使用__gnu_mcount_nc捕获函数退出时间 [英] Capturing function exit time with __gnu_mcount_nc

问题描述

我试图在一个支持不良的原型嵌入式平台上做一些性能分析。

我注意到GCC的-pg标志会导致在每个函数的入口插入 __ gnu_mcount_nc 。没有实现 __ gnu_mcount_nc 可用（并且供应商不感兴趣协助），然而，因为它是一个简单地记录堆栈帧和当前周期计数，微不足道已经这样做;这工作正常，并在调用者/被调用图和最常被调用的函数方面产生有用的结果。

我真的想获得有关在函数体但是我很难理解如何只使用入口而不是退出来处理每个函数被钩住的情况：你可以准确地知道每个函数何时被输入，但是没有钩住出口点，你不能知道多少的时间，直到您收到下一条信息属性到被调用者和多少给呼叫者。

然而，GNU分析工具实际上能够在许多平台上收集函数的运行时信息，因此可能开发人员已经考虑到了一些方案。 / p>

我已经看到一些现有的实现，像维护一个阴影调用堆栈和旋转返回地址到__gnu_mcount_nc，使__gnu_mcount_nc将被调用再次被调用者返回时;它可以匹配调用者/ callee / sp三元组与影子调用堆栈的顶部，所以区分这种情况和入口的调用，记录退出时间并正确返回调用者。

这种方法有很多不足之处：

• 在缺少递归的库和没有使用-pg标志的库中


• 似乎很难以低开销实现，或者在嵌入式多线程/多核环境中工具链TLS支持是缺席的，并且当前线程ID可能是昂贵/复杂的获得

有一些明显更好的方法来实现__gnu_mcount_nc， -p g build能够捕获函数退出以及我缺少的进入时间。

解决方案

em>不使用该函数用于计时，条目或退出，而是用于调用任何函数B的函数A的调用计数。
相反，它使用通过计数收集的自身时间在每个例程中的PC样本，然后使用函数到函数调用计数来估计应该向调用者返回多少自我时间。

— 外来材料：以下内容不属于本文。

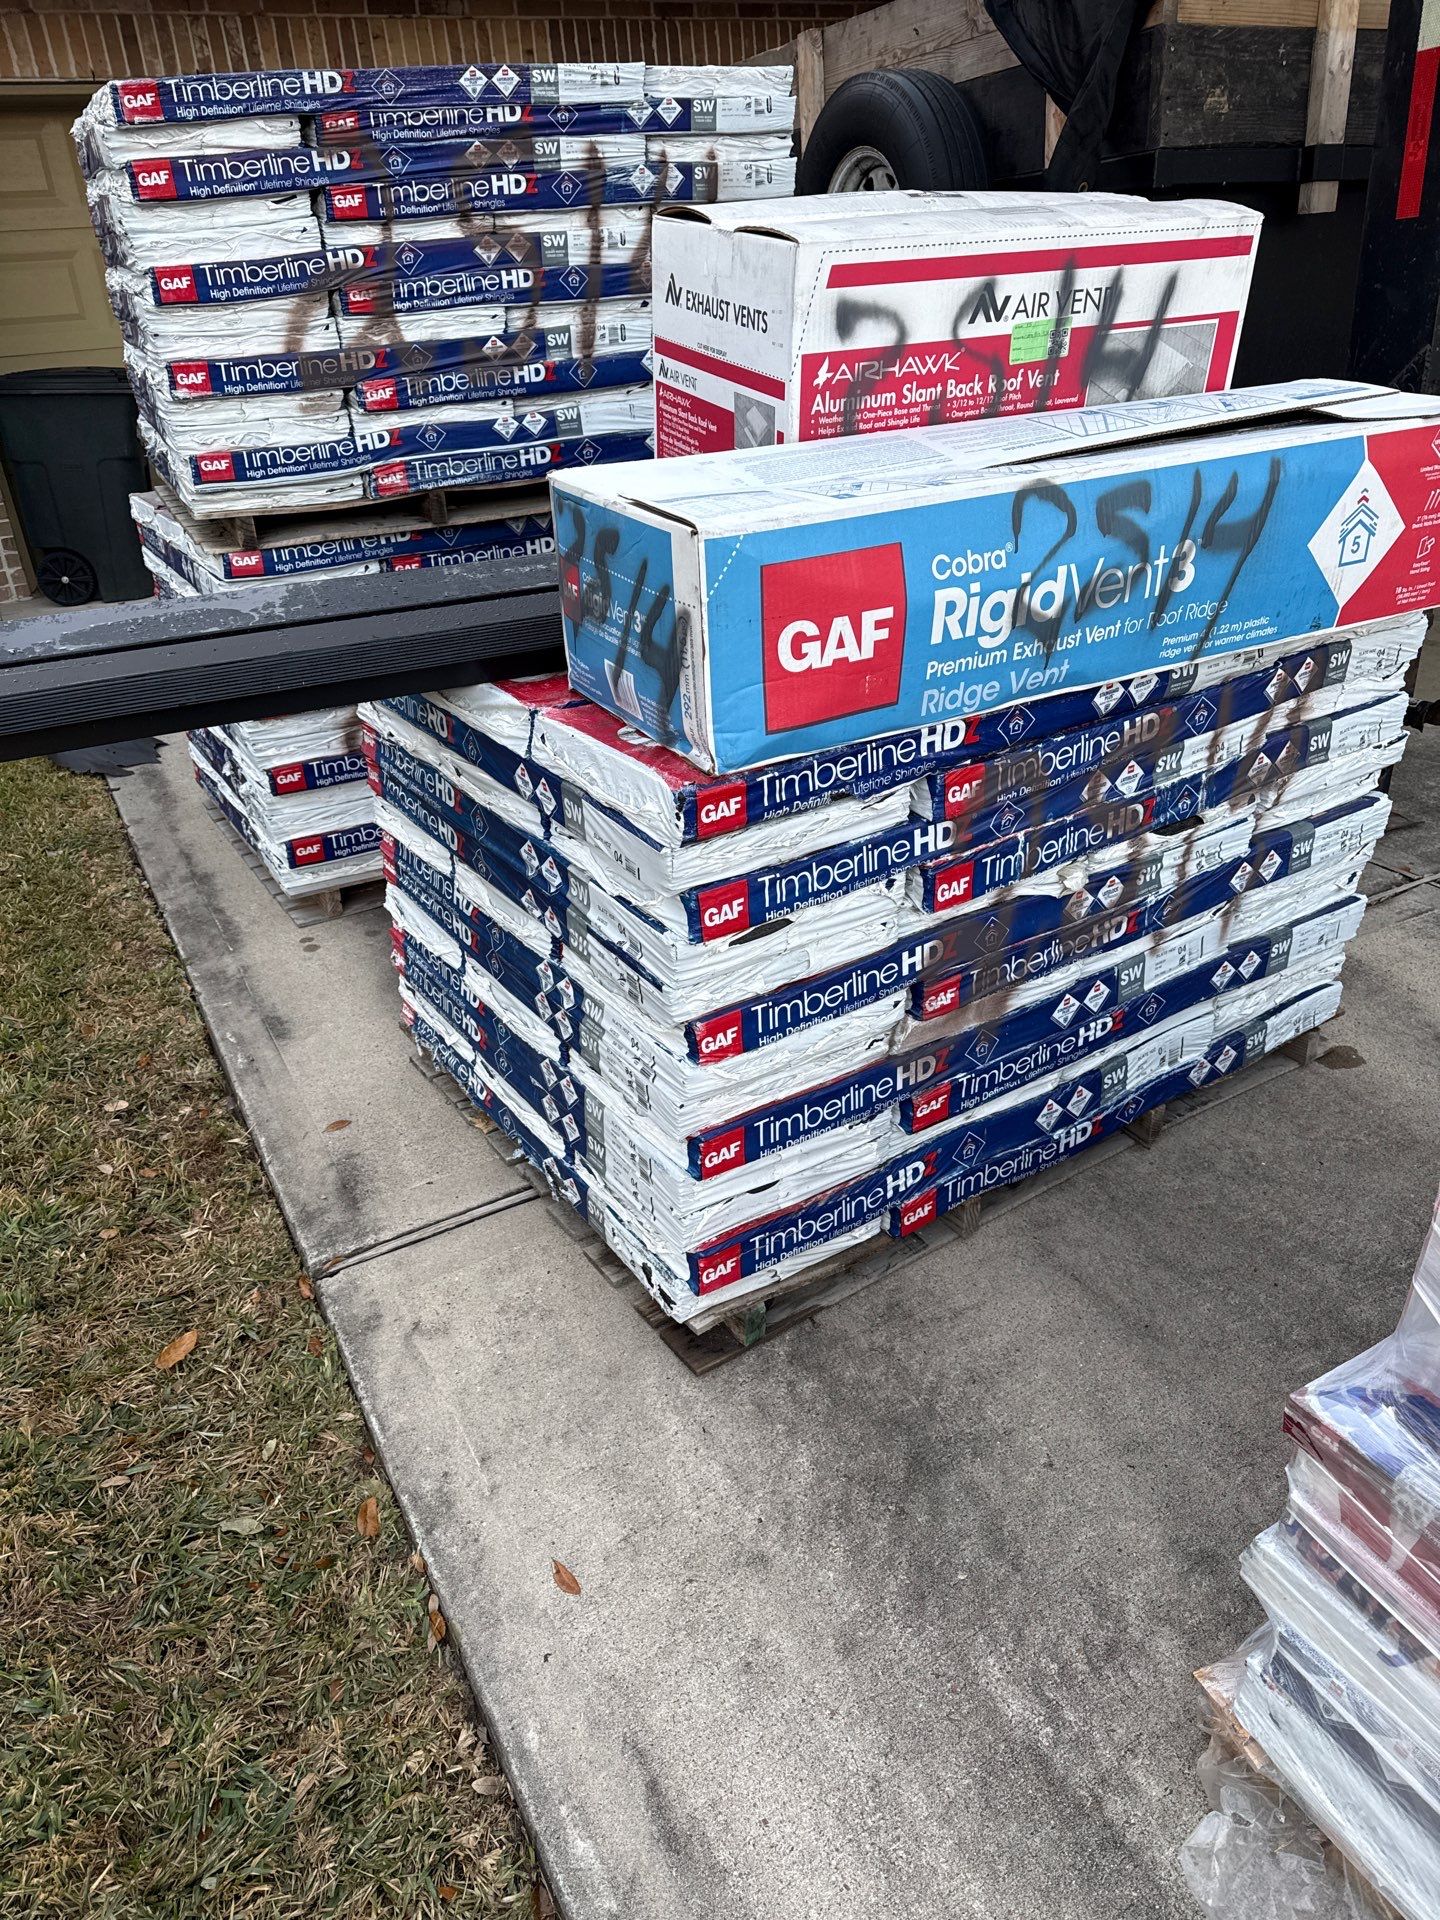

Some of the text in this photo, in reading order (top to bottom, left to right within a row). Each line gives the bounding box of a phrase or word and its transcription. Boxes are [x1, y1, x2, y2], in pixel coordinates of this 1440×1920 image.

[532, 69, 555, 83] SW
[124, 93, 156, 109] GAF
[693, 100, 714, 112] SW
[176, 106, 198, 118] High
[373, 130, 391, 141] High
[534, 142, 557, 154] SW
[138, 170, 170, 188] GAF
[190, 185, 212, 198] High
[295, 175, 330, 187] Shingles
[334, 194, 362, 208] GAF
[543, 235, 565, 246] SW
[161, 277, 190, 290] GAF
[210, 290, 231, 300] High
[393, 301, 412, 310] High
[686, 289, 768, 333] EXHAUST VENTS
[1012, 292, 1050, 320] AIR
[547, 333, 569, 345] SW
[832, 352, 961, 384] AIRHAWK
[177, 373, 206, 385] GAF
[670, 369, 697, 391] AIR VENT
[224, 384, 244, 394] High
[366, 387, 394, 401] GAF
[902, 381, 942, 404] Slant
[946, 374, 983, 399] Back
[409, 397, 427, 406] High
[952, 397, 967, 408] 3/12
[556, 408, 578, 421] SW
[818, 426, 835, 435] Helps
[859, 420, 873, 430] Roof
[887, 417, 909, 427] Shingle
[201, 460, 230, 472] GAF
[247, 470, 266, 478] High
[341, 453, 372, 466] Shingles
[377, 471, 404, 486] GAF
[419, 480, 436, 489] High
[232, 556, 259, 567] GAF
[275, 563, 294, 572] High
[777, 606, 894, 673] GAF
[926, 650, 1007, 680] Premium
[1086, 622, 1121, 644] Vent
[1124, 617, 1144, 635] for
[1185, 600, 1228, 620] Ridge
[1162, 632, 1198, 647] Premium
[1244, 616, 1270, 629] plastic
[1159, 626, 1278, 659] ridge warmer climates
[1329, 649, 1350, 668] SW
[920, 679, 998, 717] Ridge
[1010, 659, 1070, 695] Vent
[1310, 731, 1330, 752] SW
[1156, 752, 1182, 773] SW
[276, 772, 301, 784] GAF
[316, 779, 332, 787] High
[948, 780, 982, 803] GAF
[563, 797, 582, 824] SW
[701, 797, 742, 824] GAF
[296, 844, 321, 856] GAF
[335, 849, 351, 857] High
[1292, 839, 1313, 858] SW
[569, 876, 590, 906] SW
[937, 877, 970, 902] GAF
[704, 898, 744, 927] GAF
[766, 907, 791, 921] High
[1271, 938, 1292, 957] SW
[1120, 962, 1144, 985] SW
[925, 989, 956, 1012] GAF
[582, 999, 602, 1022] SW
[581, 1031, 599, 1054] SW
[700, 1027, 738, 1054] GAF
[759, 1032, 784, 1047] High
[1246, 1027, 1267, 1049] SW
[1103, 1065, 1128, 1089] SW
[585, 1098, 602, 1121] SW
[916, 1095, 948, 1118] GAF
[960, 1097, 980, 1111] High
[587, 1135, 604, 1159] SW
[704, 1142, 741, 1168] GAF
[903, 1202, 932, 1227] GAF
[702, 1258, 737, 1284] GAF
[755, 1258, 778, 1272] High
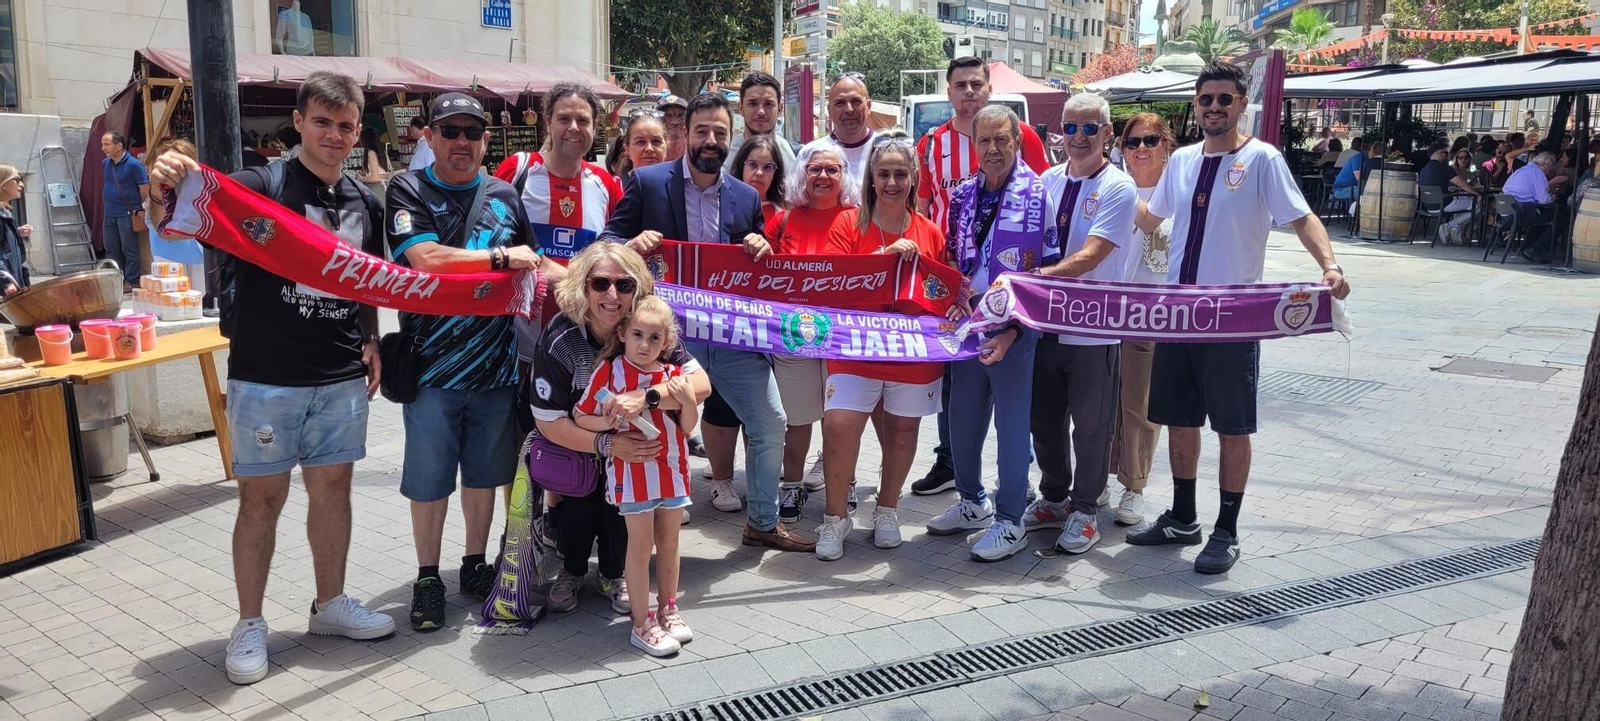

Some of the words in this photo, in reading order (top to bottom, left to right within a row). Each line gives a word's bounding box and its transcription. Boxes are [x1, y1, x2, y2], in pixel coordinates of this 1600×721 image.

[321, 248, 440, 300] PRIMERA
[765, 259, 781, 269] UD
[782, 259, 834, 272] ALMERÍA
[708, 270, 752, 289] HIJOS
[757, 274, 796, 294] DEL
[801, 270, 888, 293] DESIERTO
[299, 305, 314, 319] MY
[317, 308, 349, 320] SENSES
[716, 296, 733, 311] DE
[735, 299, 773, 317] PEÑAS
[685, 308, 774, 350] REAL
[837, 314, 855, 326] LA
[857, 315, 922, 331] VICTORIA
[841, 329, 928, 358] JAÉN

例如，如果A调用C 10次，B调用C 20次，并且C具有1000ms的自身时间（即100个PC样本），则gprof 知道C已被调用30次，并且33个样品可以充电到A，而其他67可以充电到B.
同样，样品计数在调用层次结构中向上传播。

它不会时间函数进入和退出。
它获得的测量是非常粗糙的，因为它不区分短呼叫和长呼叫。
此外，如果PC样本发生在I / O期间或在未使用-pg编译的库例程中，则不会计数。
并且，正如你所说，在递归的存在下它是非常脆弱的，并且可以在短函数上引入显着的开销。

另一种方法是栈抽样，而不是PC采样。
授予，捕获堆栈样本比PC样本更昂贵，但需要更少的样本。
例如，如果一个函数，代码行或你想要做的任何描述，在总共N个样本的分数F中是明显的，那么你知道它花费的时间分数是F，标准偏差为sqrt（NF（1-F））。
所以，例如，如果你取100个样本，并且一行代码出现在其中50个，那么你可以估计线成本50％的时间，不确定性为sqrt（100 * .5 * .5）= +/- 5个样品或45％至55％之间。
如果你用100倍的样本数，你可以将不确定性减少10倍。
（递归不重要，如果一个函数或一行代码在单个样本中出现3次，计数为1个样本，而不是3.
如果函数调用很短 - 如果它们被调用足够多的时间花费很大一部分，它们也会被捕获。）

注意，当你寻找的东西，你可以修复，以获得加速，确切的百分比无关紧要。
重要的是找到它。
（事实上，你只需要看到一个问题两次就知道它足够大，可以修复。）

这是 此技巧 。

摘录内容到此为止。